I'm not a model mother.
My kids would concur. I think every one of them wished I would take a flying leap on Saturday. Frankly, it didn't sound like a bad idea to me either. This mom gig is tough!
Last week I growled into my husband's shoulder saying I needed a break from being a mom. I love my kids, I really do. They are awesome, no angels, mind you (unless you count the youngest the rest of them call "Perfect Baby Angel Child" who never gets in trouble. When will they quit beating that old drum?!). It's just that sometimes I get tired of the commitments, the laundry, the appointments, the money being shelled out, the late nights, the early mornings, the endless questions and minor crises I'm supposed to address at a moment's notice.
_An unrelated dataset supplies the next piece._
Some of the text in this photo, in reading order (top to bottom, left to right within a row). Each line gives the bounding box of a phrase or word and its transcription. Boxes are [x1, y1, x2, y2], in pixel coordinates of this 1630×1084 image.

Don't say it. I'll say it for you. My whiny baby syndrome is kicking in again. You think God resists the urge to smack me the same way I do with my teenage daughter when hormones take over her mouth?
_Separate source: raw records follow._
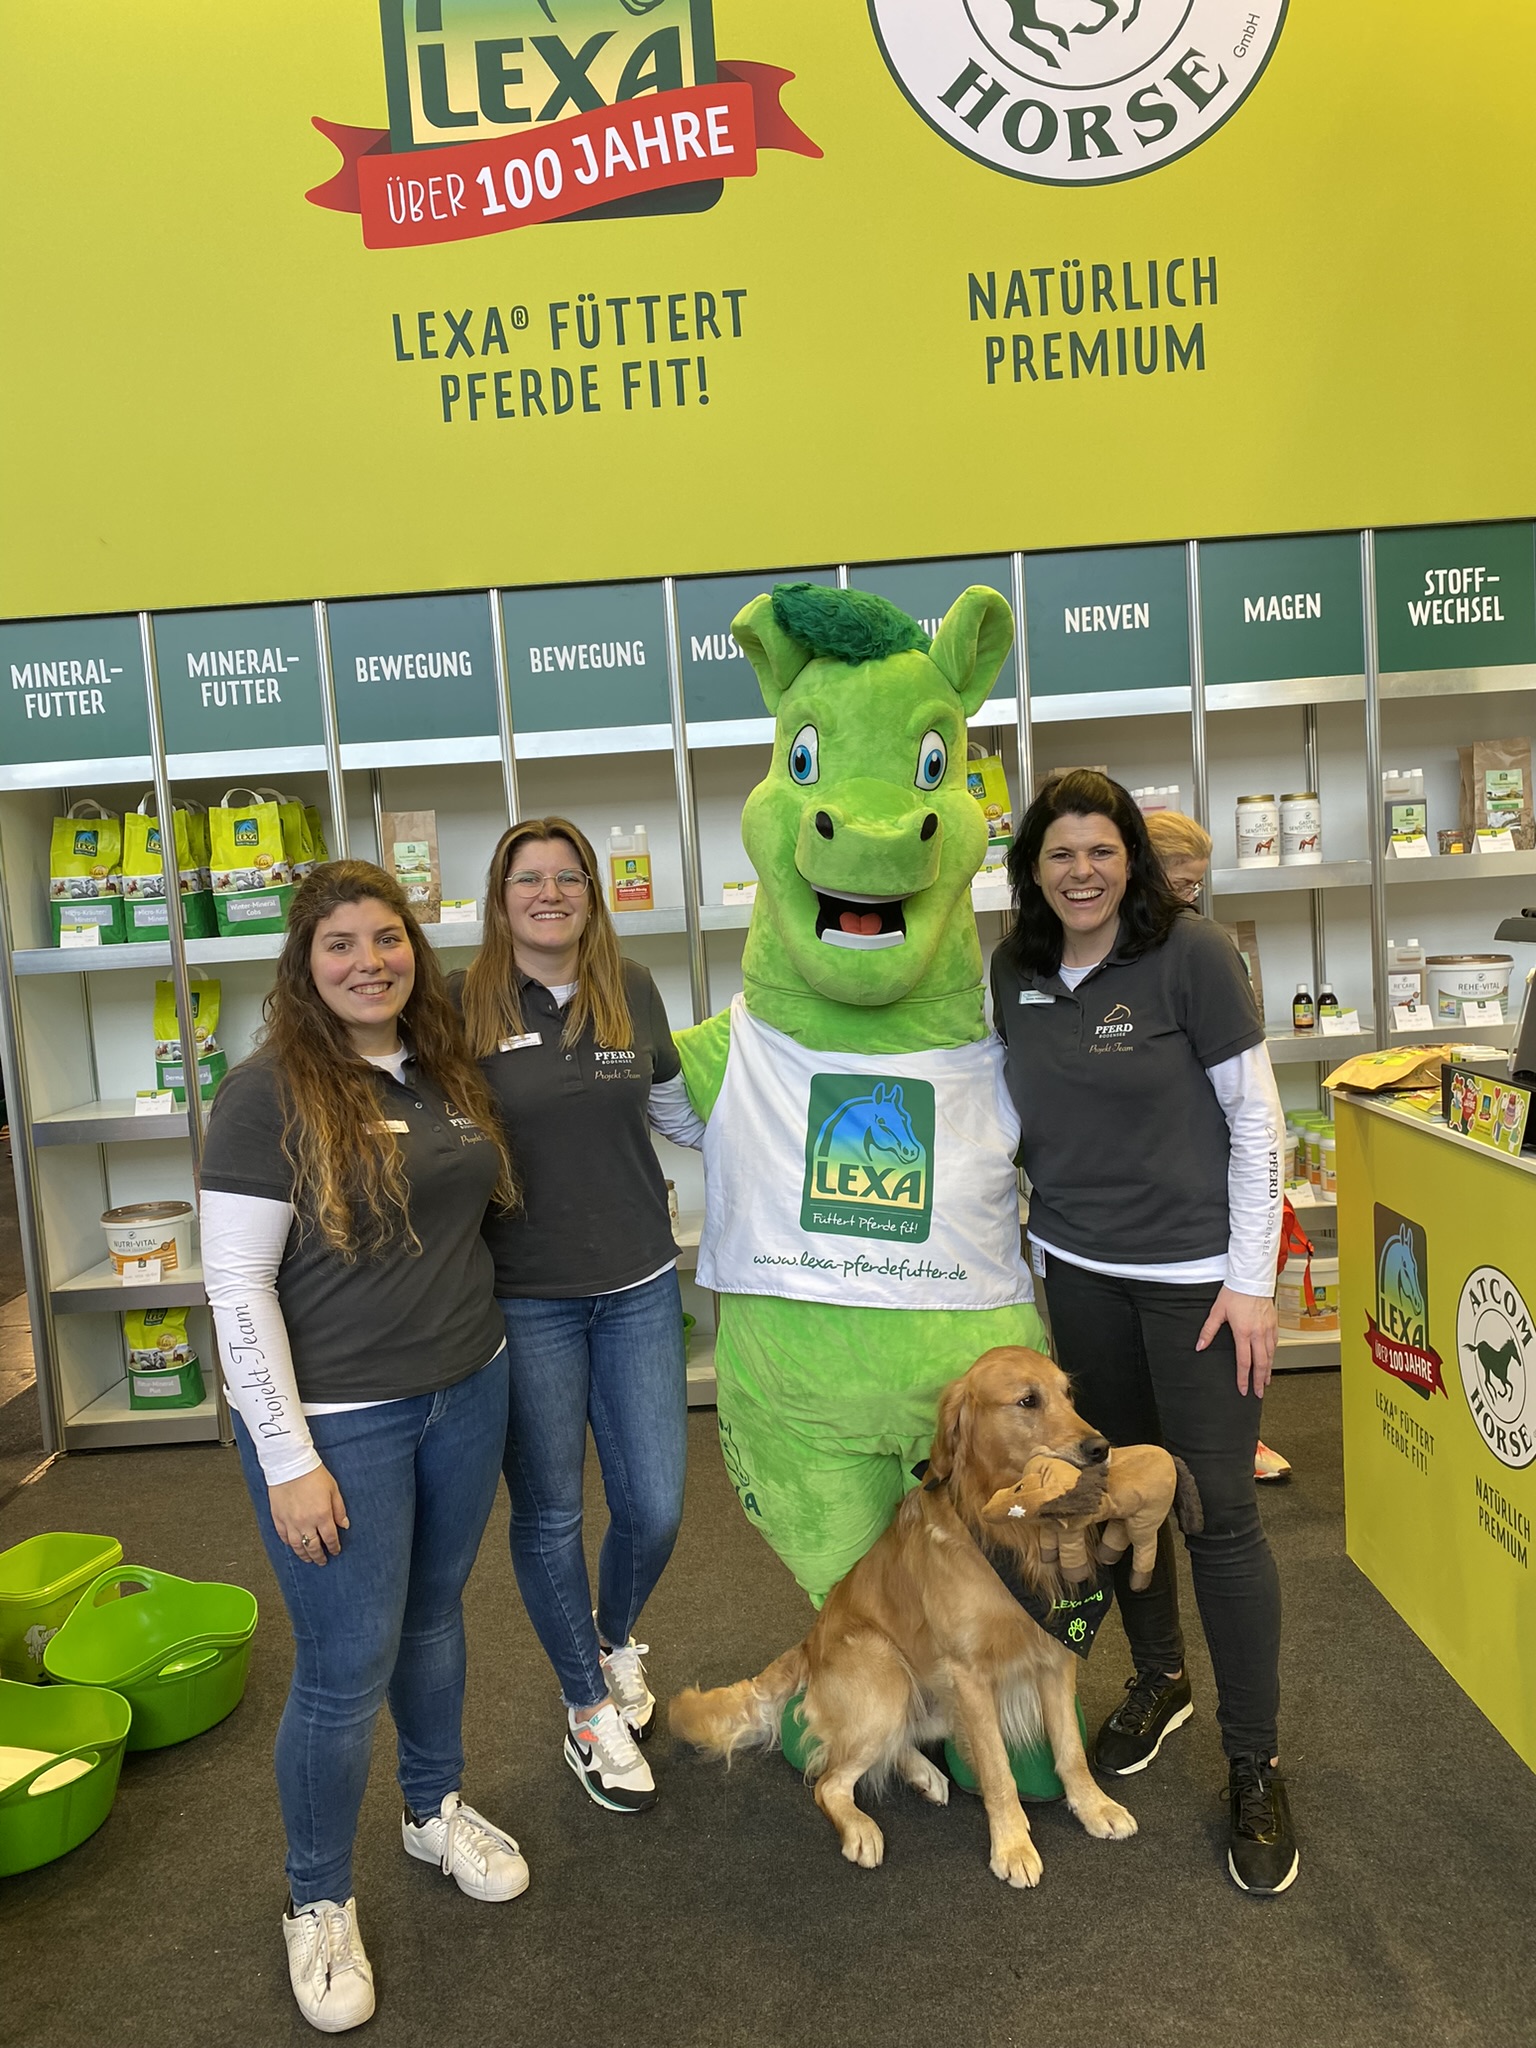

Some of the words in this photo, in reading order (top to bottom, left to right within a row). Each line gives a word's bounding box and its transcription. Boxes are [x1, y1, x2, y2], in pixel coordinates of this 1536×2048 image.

[1233, 13, 1260, 58] GmbH
[417, 26, 681, 128] LEXA
[937, 47, 1229, 161] HORSE
[386, 174, 466, 224] ÜBER
[476, 148, 563, 215] 100
[574, 106, 734, 184] JAHRE
[968, 256, 1217, 320] NATÜRLICH
[549, 289, 747, 350] FÜTTERT
[986, 323, 1205, 384] PREMIUM
[441, 365, 600, 422] PFERDE
[622, 356, 709, 410] FIT!
[1424, 566, 1500, 596] STOFF-
[1064, 603, 1150, 633] NERVEN
[1244, 592, 1321, 623] MAGEN
[1407, 596, 1504, 627] WECHSEL
[187, 647, 300, 678] MINERAL-
[355, 651, 472, 683] BEWEGUNG
[529, 641, 646, 673] BEWEGUNG
[10, 658, 123, 690] MINERAL-
[25, 688, 106, 719] FUTTER
[201, 678, 281, 708] FUTTER
[76, 843, 96, 853] LEXA
[148, 842, 161, 851] LEX
[236, 832, 257, 841] LEXA
[246, 907, 262, 916] Cobs
[1095, 1023, 1133, 1034] PFERD
[594, 1051, 635, 1061] PFERD
[816, 1160, 921, 1203] LEXA
[1269, 1151, 1278, 1199] PFERD
[813, 1212, 855, 1226] Füttert
[859, 1216, 897, 1232] Pferde
[900, 1220, 918, 1234] fit!
[114, 1238, 157, 1248] NUTRI-VITAL
[753, 1251, 967, 1280] www.lexa-pferdefutter.de
[1380, 1297, 1423, 1349] LEXA
[1468, 1277, 1533, 1348] ATCOM
[1375, 1340, 1388, 1364] ÜBER
[1389, 1348, 1403, 1372] 100
[1404, 1352, 1433, 1383] JAHRE
[1400, 1409, 1434, 1455] FÜTTERT
[1471, 1388, 1533, 1457] HORSE
[1383, 1419, 1408, 1458] PFERDE
[1412, 1445, 1428, 1475] FIT!
[1475, 1475, 1531, 1543] NATÜRLICH
[1479, 1505, 1528, 1569] PREMIUM
Believe it or not, my reality check came through a television program. A couple was divorcing and the husband was awarded temporary custody of the kids for two weeks. As the wife was getting the children ready to go with their dad, she put on a happy face, trying to make it easier on them, telling them how much fun they were going to have, assuring the older of the two it was going to be okay. But the minute the front door shut, she fell to the floor. I've never faced this kind of trauma personally, yet I couldn't help but cry along with her. As much as they wear me out, I can't stand the thought of living without my kids.
The truth is I prayed to be a mother. I yearned for it. And God answered my prayer, four times over. Despite my feelings of inadequacy, it is no mistake these kids live in my house. Though I'm going to mess up every single day, though I'm bound to lose my temper and get frustrated, though my body is consistently weary, He chose me the same way He chose Mary. It is a divine appointment. I am the best possible mother for each of them. No one else can give them what I can. When it gets overwhelming, I need to remember His promise:
There is hope and help. I can do this mother thing as long as I hold His hand.
I pray as my children sit around with their friends and talk about the stupid things their parents do or did, they are gentle. I pray as they become parents themselves they will understand. And I pray for strength for mothers every where. May His spirit empower us to be exactly what our children need.